The points are fed electrically at two (well, four) points: Primarily where joined to the closure rails, and secondarily where the points come into contact with the stock rails. That secondary point can be easily cleaned after painting, but to keep paint from gumming up the point/closure rail connection, I add a drop of plastic compatible oil, as above.
Filler ties are easily overlooked until after you're done spraying. Best to put them in beforehand so they get the same base coat as all the other ties around them.
Important note: You'll want to be sure to shave off the spikes from any ties you use as filler ties (or, better yet, use thinner profile ties).

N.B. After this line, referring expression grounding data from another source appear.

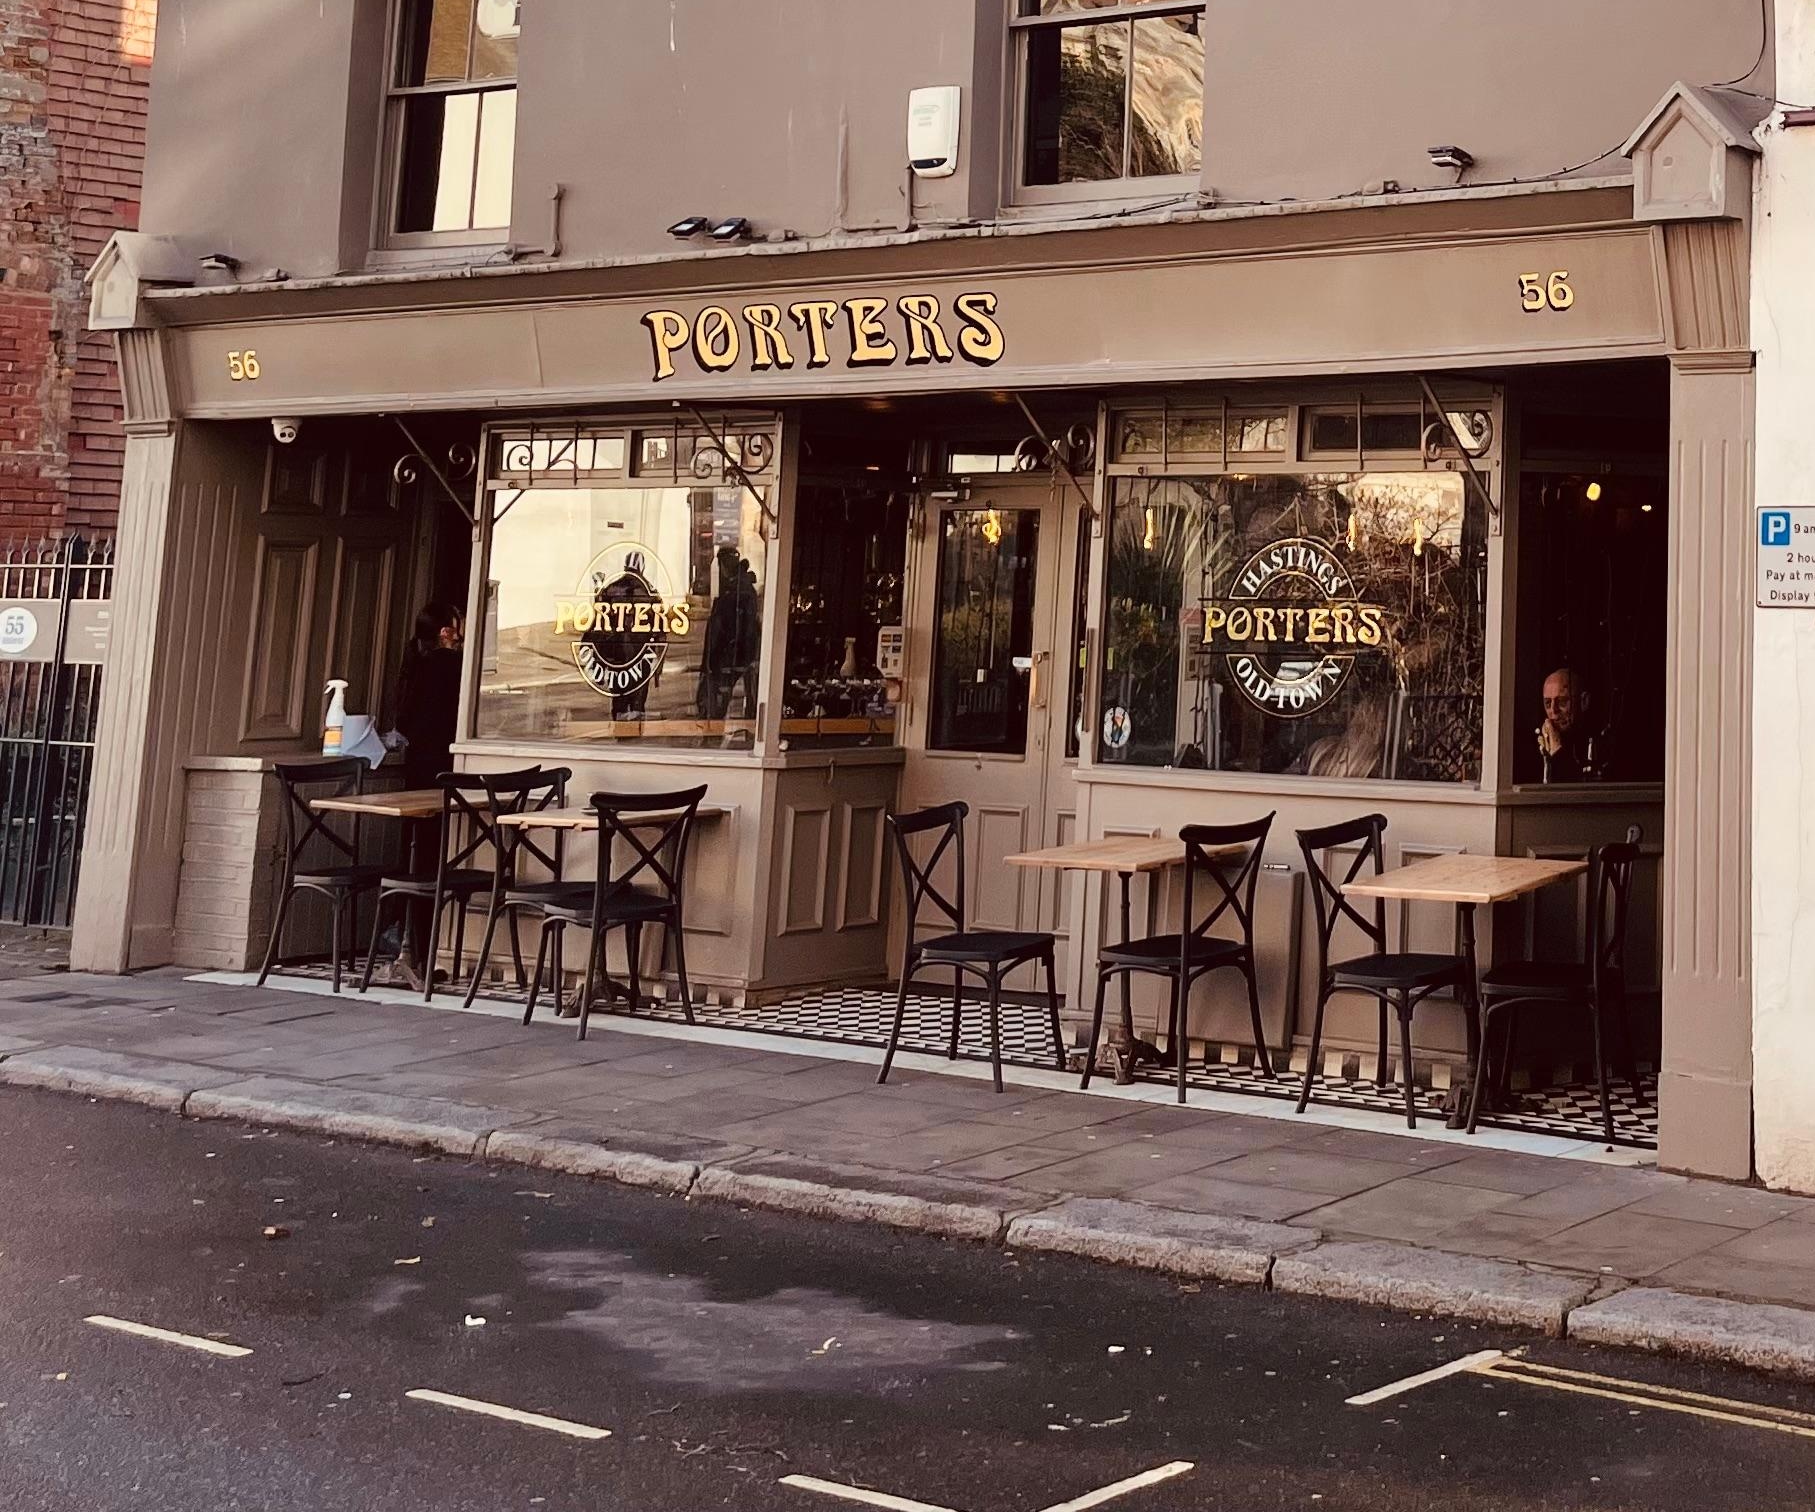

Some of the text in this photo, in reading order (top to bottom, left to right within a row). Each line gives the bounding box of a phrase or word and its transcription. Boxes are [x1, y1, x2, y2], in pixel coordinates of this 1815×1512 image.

[1518, 270, 1575, 313] 56
[641, 292, 1005, 382] PORTERS
[228, 350, 260, 381] 56
[1768, 515, 1787, 543] P
[1241, 546, 1348, 595] HASTINGS
[1786, 553, 1794, 563] 2
[1766, 570, 1785, 582] Pay
[1789, 570, 1800, 580] at
[1770, 590, 1810, 602] Display
[5, 615, 25, 635] 55
[554, 601, 690, 635] PORTERS
[1202, 606, 1382, 646] PORTERS
[578, 646, 658, 689] OLD TOWN
[1236, 657, 1342, 709] OLD TOWN

Otherwise, you'll risk creating a vertical hump/kink at the rail joint which is just asking for a derailment or separated couplers.
Ah - that's MUCH better looking and ready for painting.
But don't get out the spray can just yet!
We haven't had any ops sessions using the Berlin Branch - heck, the trackwork isn't (wasn't) even completed there - so I hadn't bothered putting feeders in yet. But it's a VERY good idea to get those in before you paint the track 1) because it's much easier to solder feeders to clean/unpainted rail, and 2) because painting the track will cause those solder joints to disappear. So the little sign above reminds me that I've got to put some feeders in.
But before I do that I really needed to finalize the trackwork in East Berlin and finally complete the Berlin Branch. So out came the Aleen's glue and water bottles:
And that's the current state of things. Next step is to remove the bottles, install the feeders, and mask everything off. THEN, and only then, will I actually be ready to paint my track.